Cada um de nós entende essa palavra à sua maneira. Alguns nem sequer acreditam em sua existência, reduzindo-o a meros processos químicos e a um sentimento de apego. Mas o que os grandes pensadores da história têm a dizer sobre isso? Por que a filosofia, a busca pela sabedoria, não pode prescindir do amor? Vamos explorar as múltiplas facetas deste sentimento universal.

As Muitas Palavras e Símbolos do Amor

A própria palavra "filosofia" nos dá uma pista da sua ligação íntima com o amor. Ela vem da junção de duas palavras gregas antigas: philia, que significa amor-amizade, e sophia, que significa sabedoria. Portanto, filosofar é, em sua essência, "amar a sabedoria". Em algumas tradições, o exercício filosófico era poeticamente chamado de "amor à sabedoria", capturando perfeitamente essa ideia.

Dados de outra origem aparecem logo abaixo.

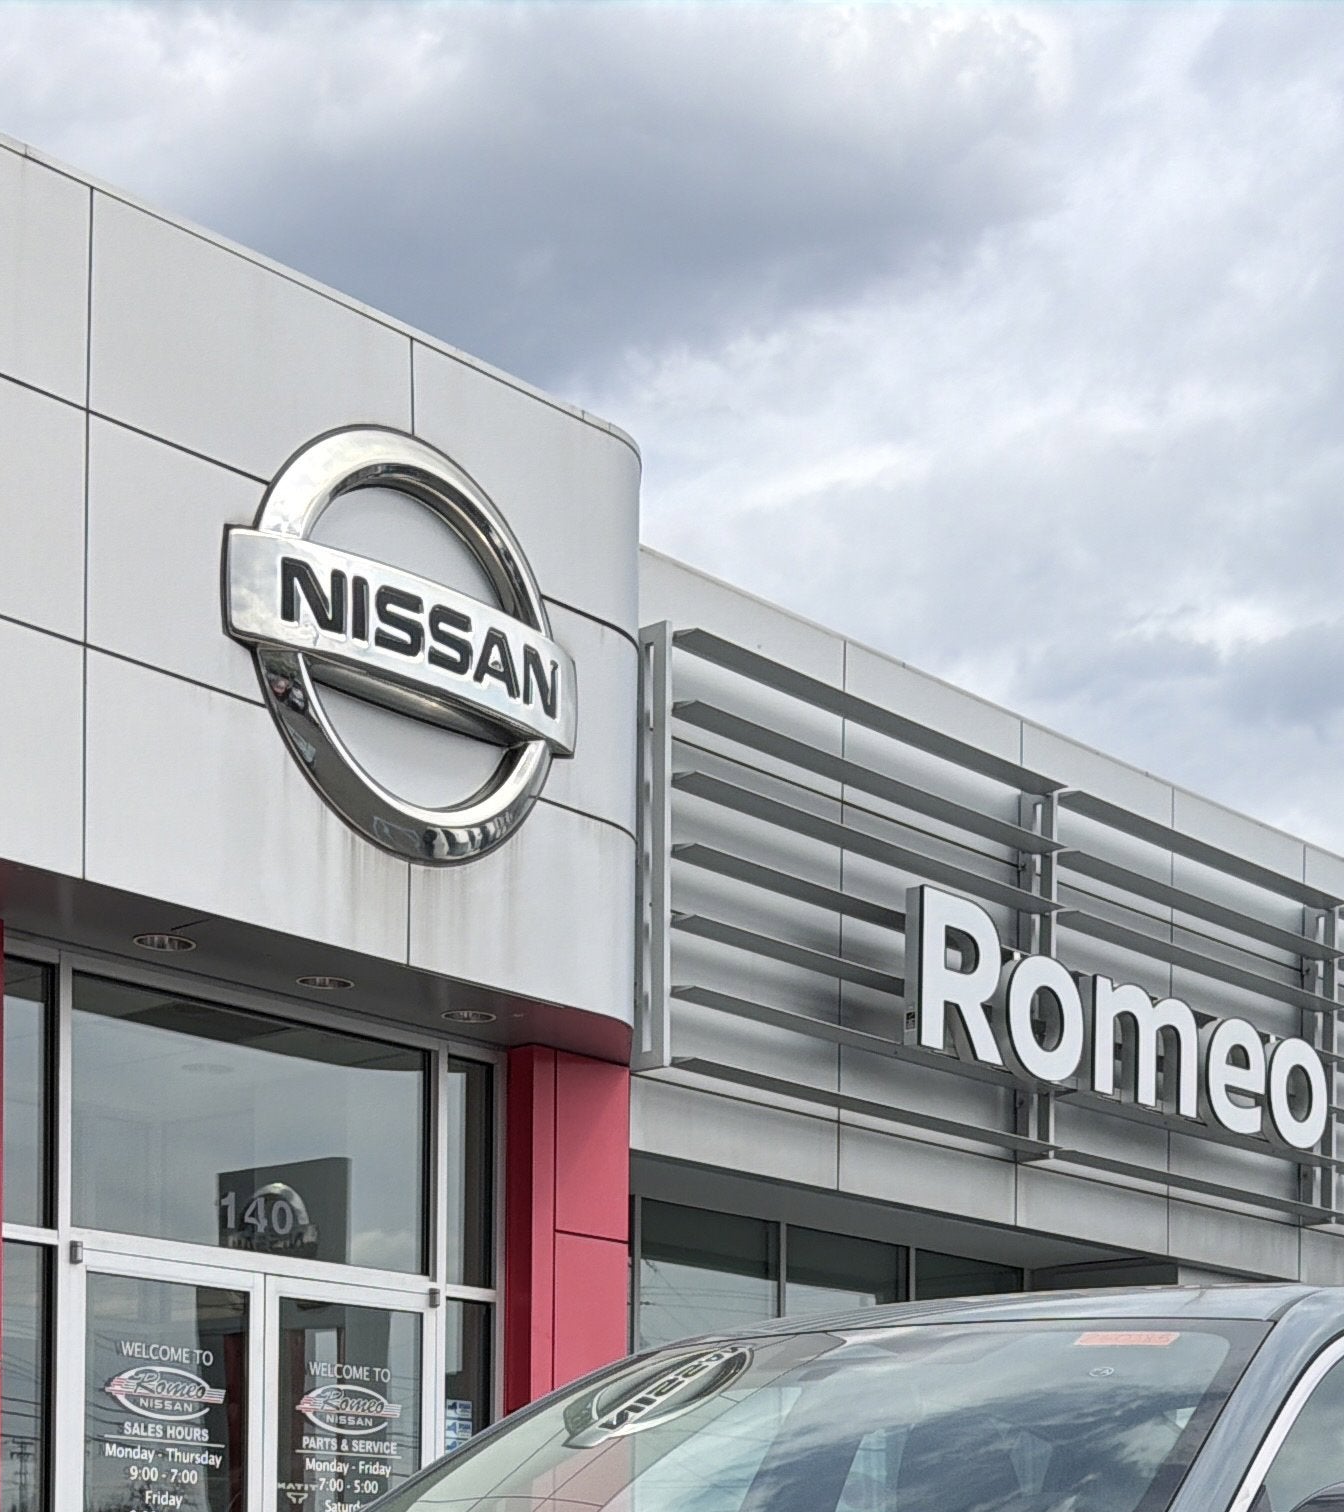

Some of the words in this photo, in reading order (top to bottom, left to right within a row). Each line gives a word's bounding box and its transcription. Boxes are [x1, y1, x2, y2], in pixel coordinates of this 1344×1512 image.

Mas o grego antigo não se contentava com uma só palavra. Havia também ágape (amor altruísta), storge (amor familiar) e eros (amor romântico e passional). Cada termo carrega uma nuance própria. Philia, por exemplo, é um amor baseado na afeição e na escolha consciente, um sentimento elevado que podemos ter por um amigo, pela pátria ou, claro, pelo conhecimento.

Por que uma língua precisaria de tantos termos para um mesmo conceito? Culturas e línguas diferentes frequentemente necessitam de palavras adicionais para expressar com precisão ideias de grande complexidade. Existe a noção popular de que algumas línguas de povos que vivem em regiões de neve possuem inúmeras palavras para descrever os seus diferentes tipos. Embora muitos linguistas debatam essa teoria, a ideia central é válida: a linguagem se adapta para expressar as realidades de um povo. Na cultura chinesa, por exemplo, o pato-mandarim é um poderoso símbolo de amor. Essas aves simbolizam a união na luta contra as adversidades, e seu nome tornou-se sinônimo de um casamento longo, feliz e de cuidado mútuo. É um conceito tão específico que uma única palavra em português talvez não conseguisse capturar toda a sua profundidade.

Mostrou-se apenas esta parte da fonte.